Canada has passed legislation making it illegal to hold whales, dolphins and porpoises in captivity.
The legislation also makes it illegal to breed, import, export or capture the animals across Canadian territory.
Anyone breaking the law will face a fine of up to C$200,000 (€133,000).
Nothing fantastic ever happens in a hurry. But today we celebrate that we have ended the captivity and breeding of whales and dolphins. This is news to splash a fin at. #bills203 #emptythetanks #cdnpoli Thank you everyone. pic.twitter.com/7j49YkEmpy
— Humane Canada (@HumaneCanada) June 10, 2019
There are some exceptions to the new law.
- Animals already in captivity will be allowed to remain there, provided they are not released and recaptured ever again.
- They can also be kept in captivity during rehabilitation from injury or “another state of distress.”
- The law also does not apply to animals that are in captivity for the purposes of Government-licensed scientific research.
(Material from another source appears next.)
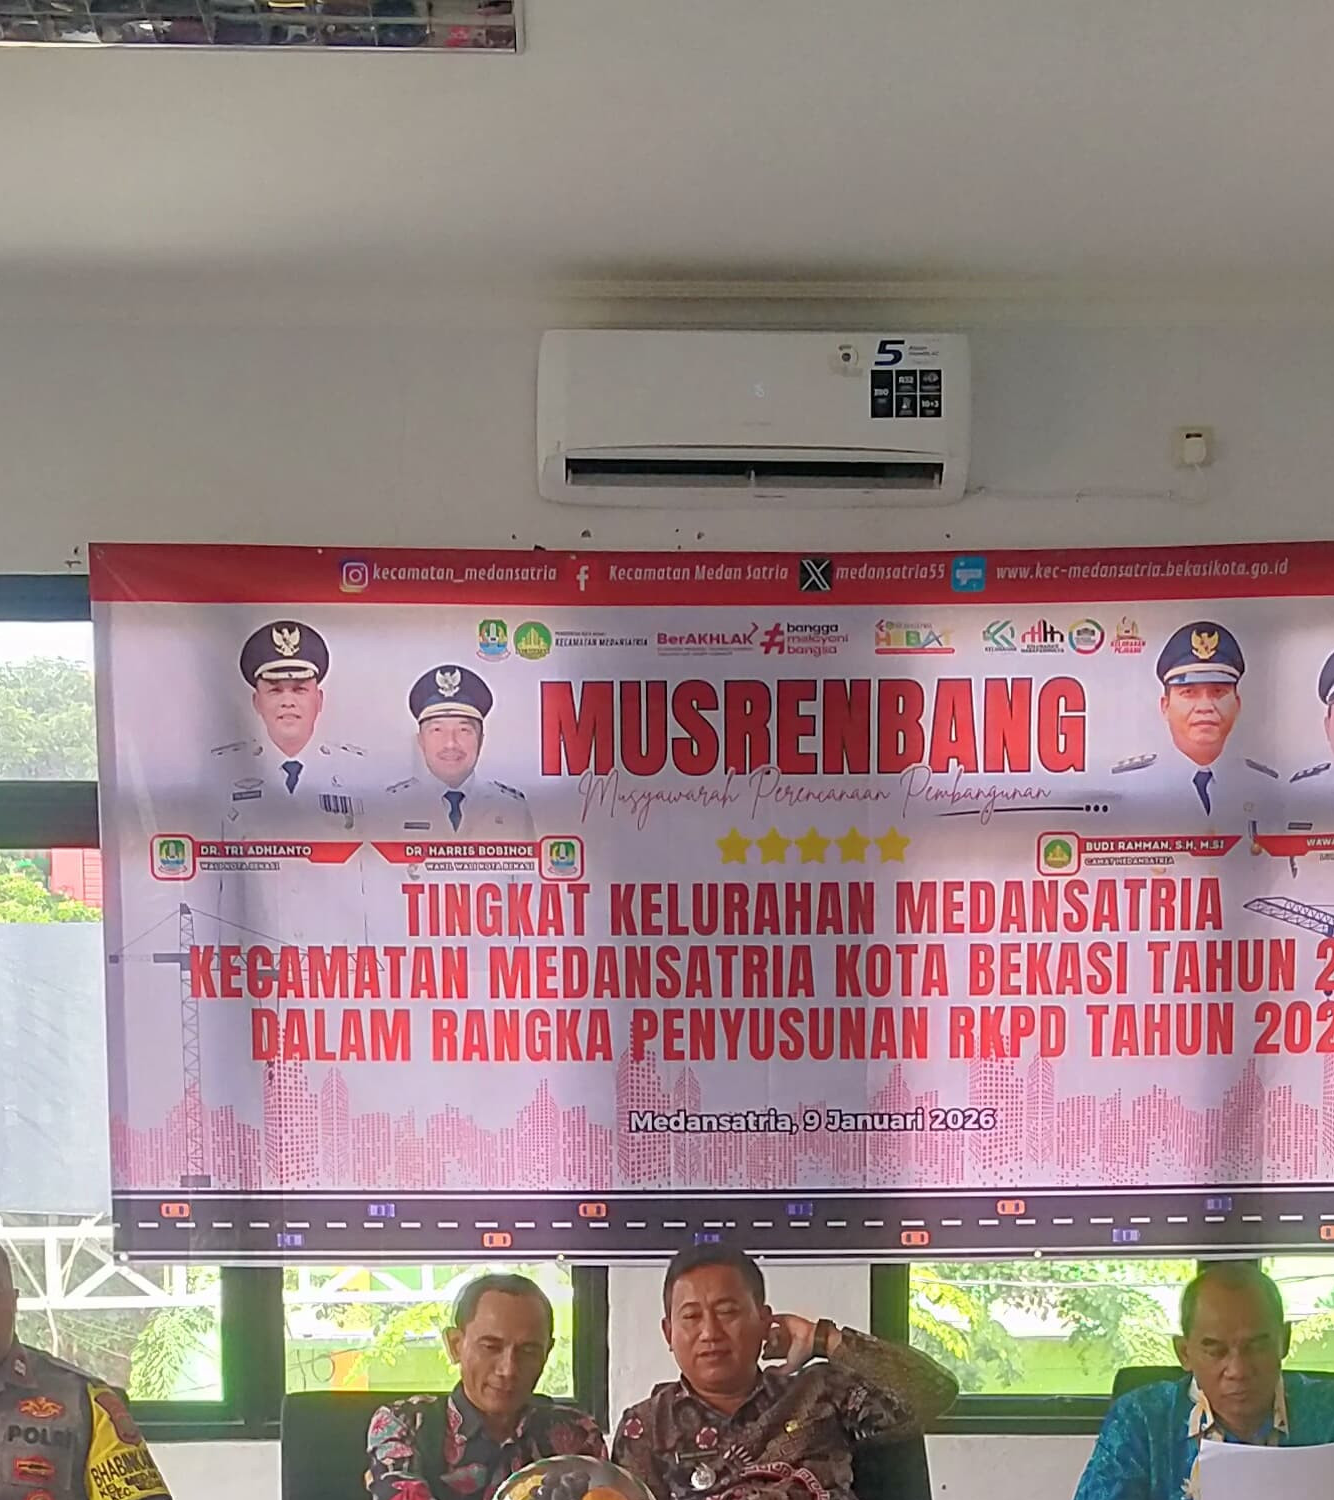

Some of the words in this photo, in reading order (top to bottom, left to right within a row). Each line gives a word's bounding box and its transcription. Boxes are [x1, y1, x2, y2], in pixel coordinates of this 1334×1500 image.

We're still jumping for joy over the news out of #Canada! Read more about their new anti-captivity law: https://t.co/6ZSAtBp7Gv#DolphinProject #DontBuyATicket #EmptyTheTanks pic.twitter.com/ZVJ2OX0k91
— Dolphin Project (@Dolphin_Project) June 12, 2019
The country currently has two aquariums that house captive cetaceans.
Marineland of Canada at Niagara Falls has one orca, five bottlenose dolphins and around 55 beluga whales.
There is also a Pacific white-sided dolphin named Helen at the Vancouver Aquarium.
— Animals Australia (@AnimalsAus) June 12, 2019
The new laws were passed in Canada’s Senate last year, with the House of Commons giving its approval on Monday.
The bill will become law once it receives Royal Assent.